## Task data
- - - -

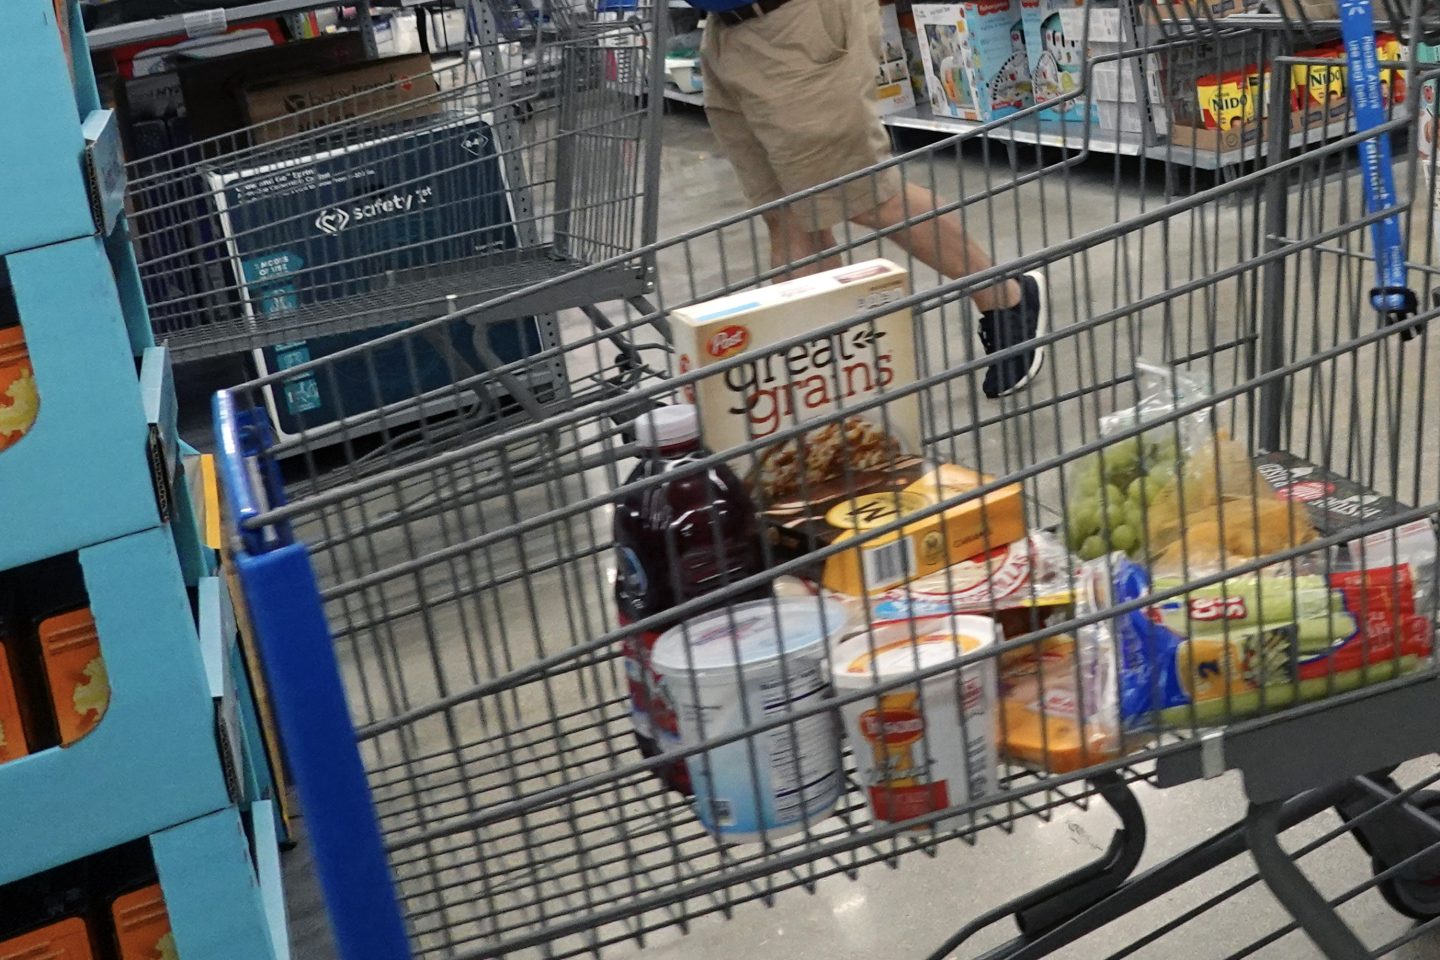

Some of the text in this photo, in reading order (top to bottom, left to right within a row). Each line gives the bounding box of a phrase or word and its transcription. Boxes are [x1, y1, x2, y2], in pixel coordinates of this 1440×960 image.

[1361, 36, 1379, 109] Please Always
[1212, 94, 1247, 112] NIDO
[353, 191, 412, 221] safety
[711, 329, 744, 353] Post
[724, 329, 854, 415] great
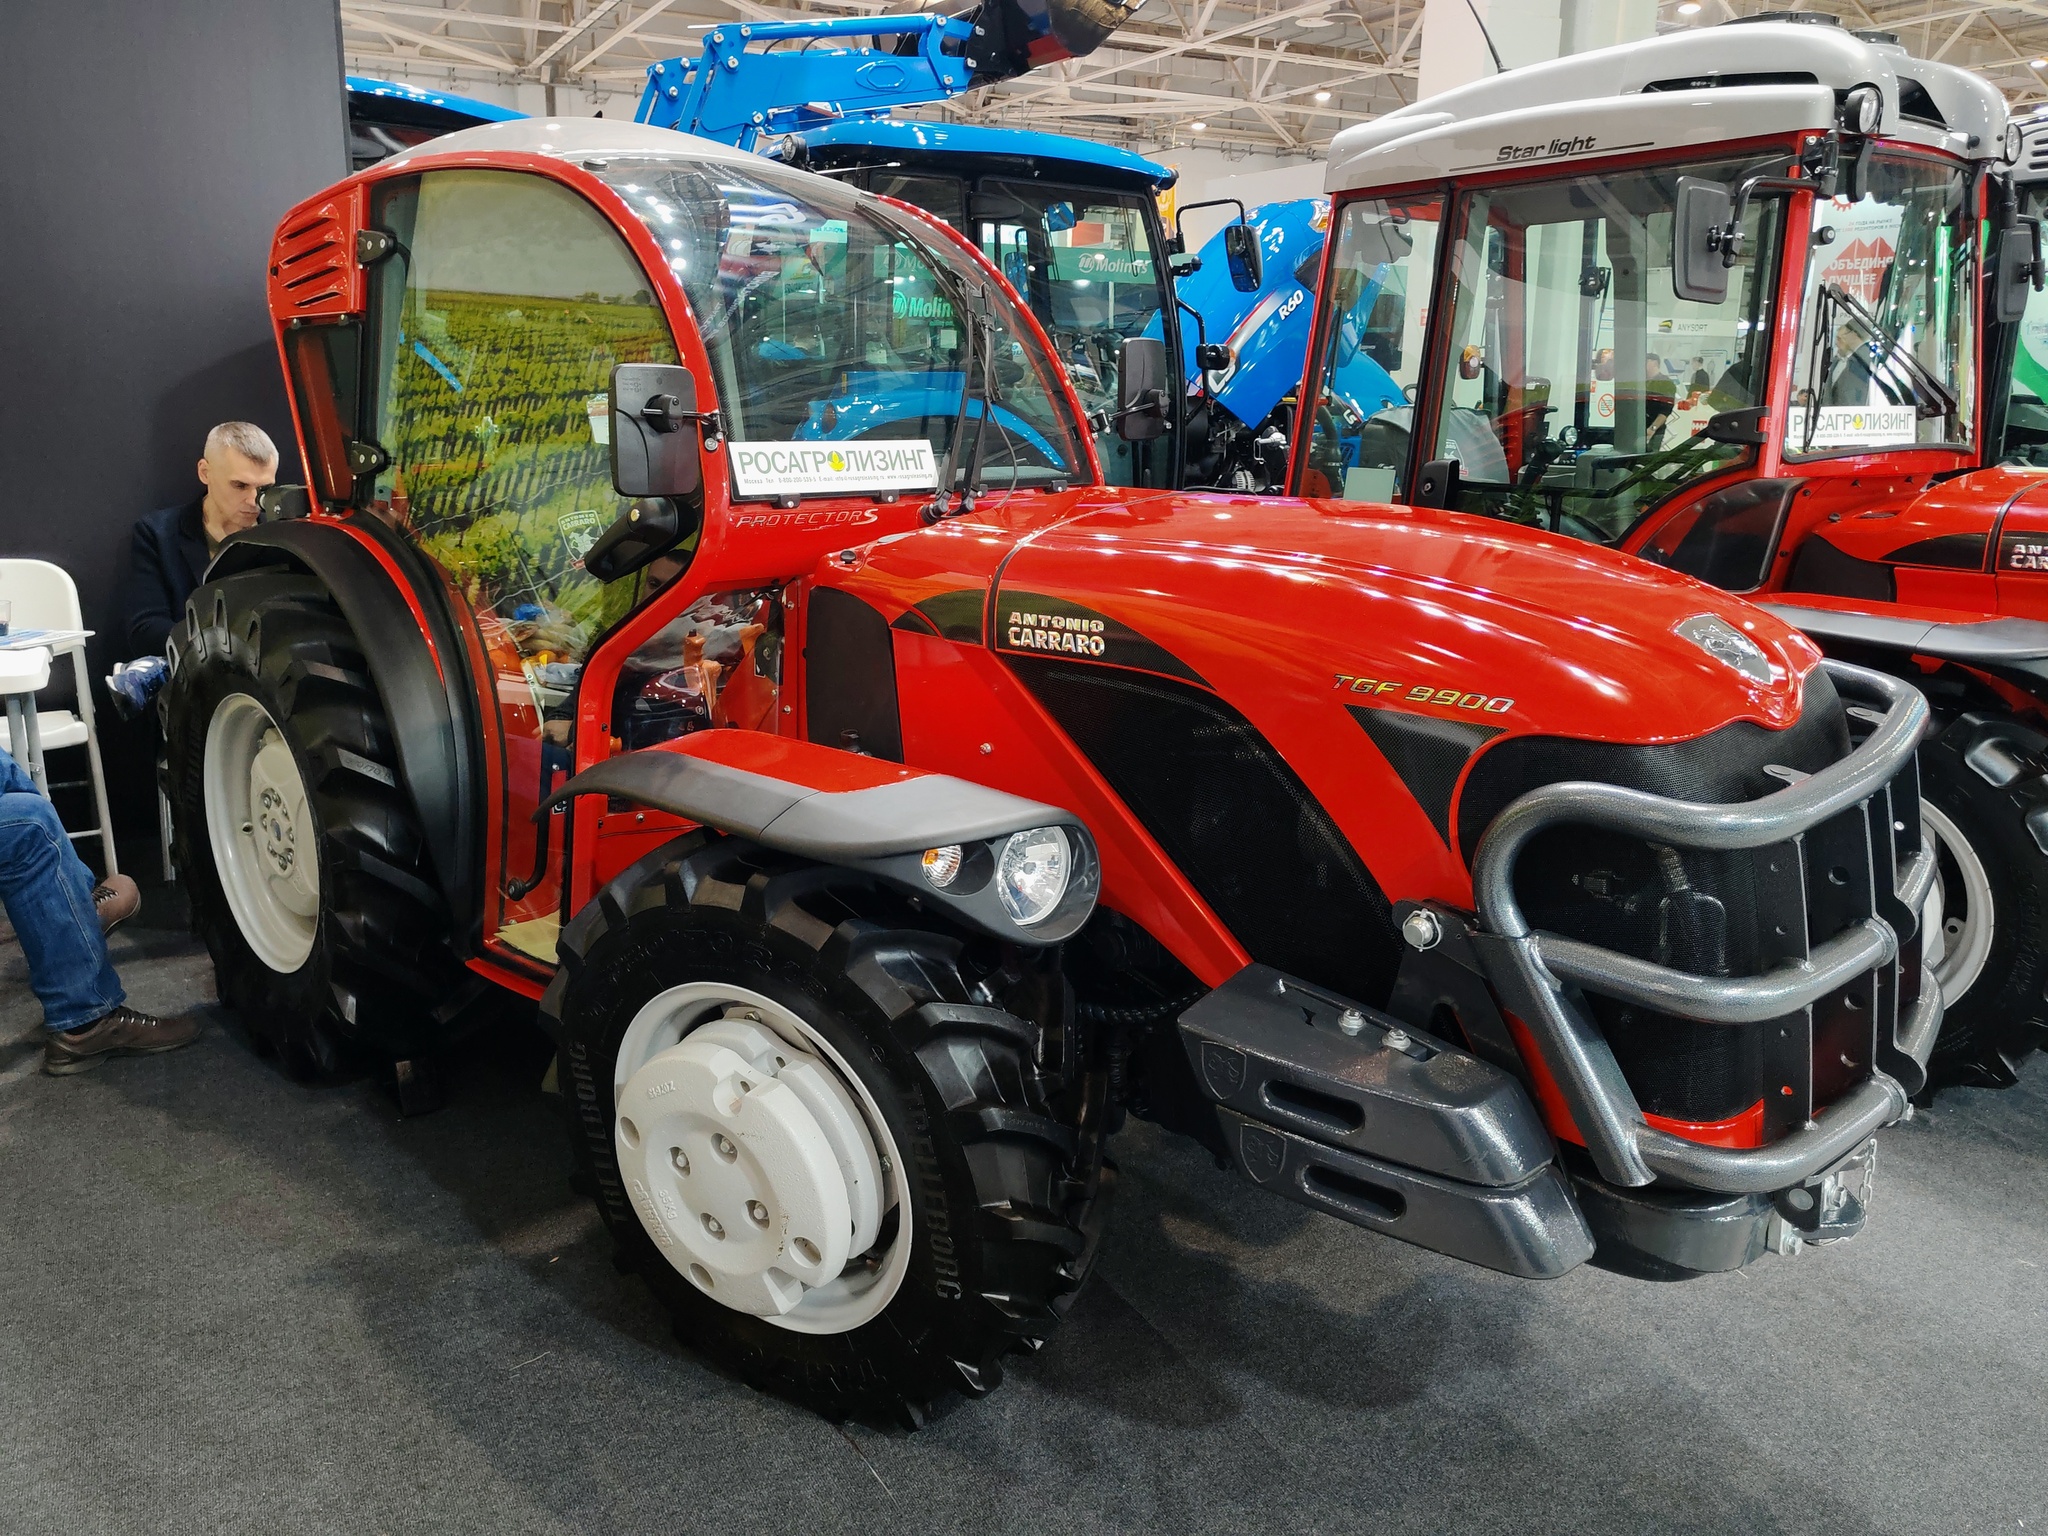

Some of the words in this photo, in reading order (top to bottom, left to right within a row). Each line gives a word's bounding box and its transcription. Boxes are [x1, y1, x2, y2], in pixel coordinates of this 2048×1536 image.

- - - -

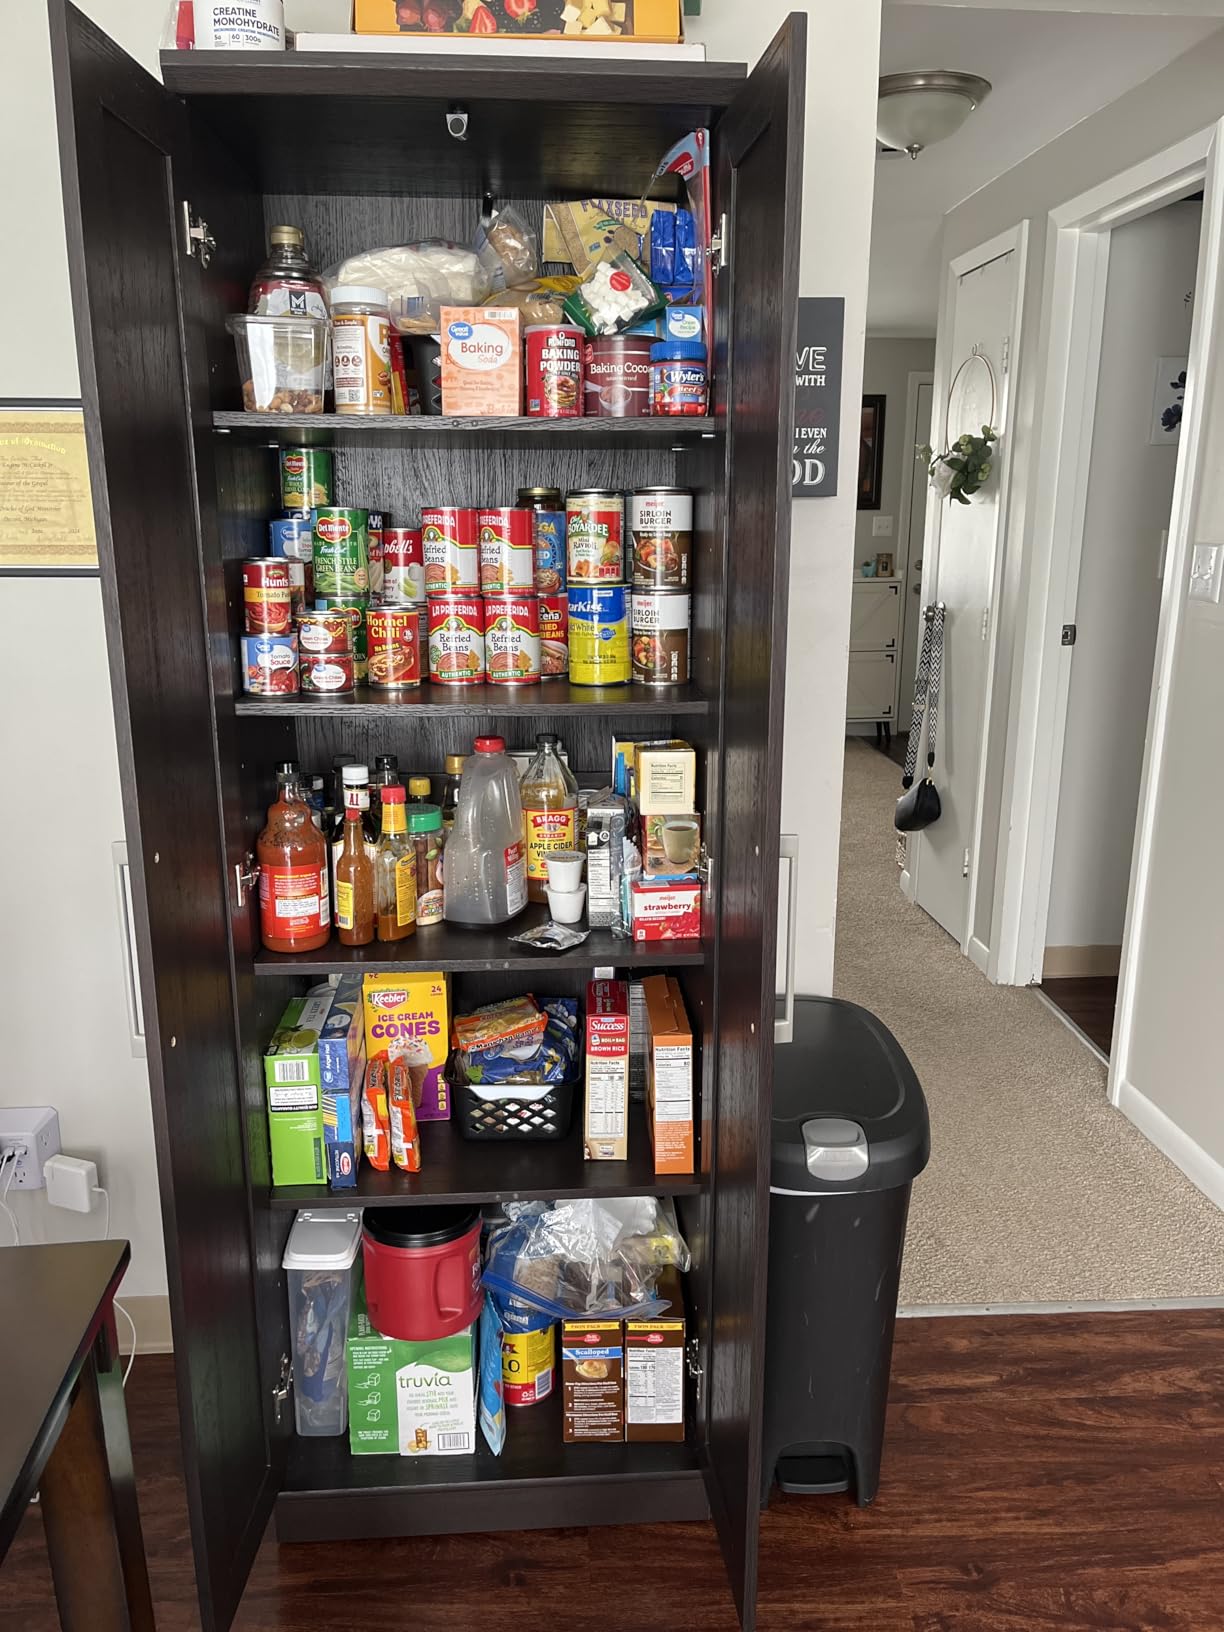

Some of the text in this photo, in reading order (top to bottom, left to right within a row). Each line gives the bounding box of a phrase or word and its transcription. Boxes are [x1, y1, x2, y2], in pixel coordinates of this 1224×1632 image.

- - - -

## Your task
For the entries above, print exactly the lines between the one with "this 1440×960 image." and the one with "Some of the words", inclusive, with no pictures.

## Exercise output
Some of the text in this photo, in reading order (top to bottom, left to right within a row). Each line gives the bounding box of a phrase or word and its transcription. Boxes are [x1, y1, x2, y2], in pixel coordinates of this 1440×960 image.

[1361, 36, 1379, 109] Please Always
[1212, 94, 1247, 112] NIDO
[353, 191, 412, 221] safety
[711, 329, 744, 353] Post
[724, 329, 854, 415] great

Some of the words in this photo, in reading order (top to bottom, left to right within a row). Each line gives a word's bounding box and its transcription. Boxes are [x1, y1, x2, y2], in pixel coordinates of this 2048×1536 image.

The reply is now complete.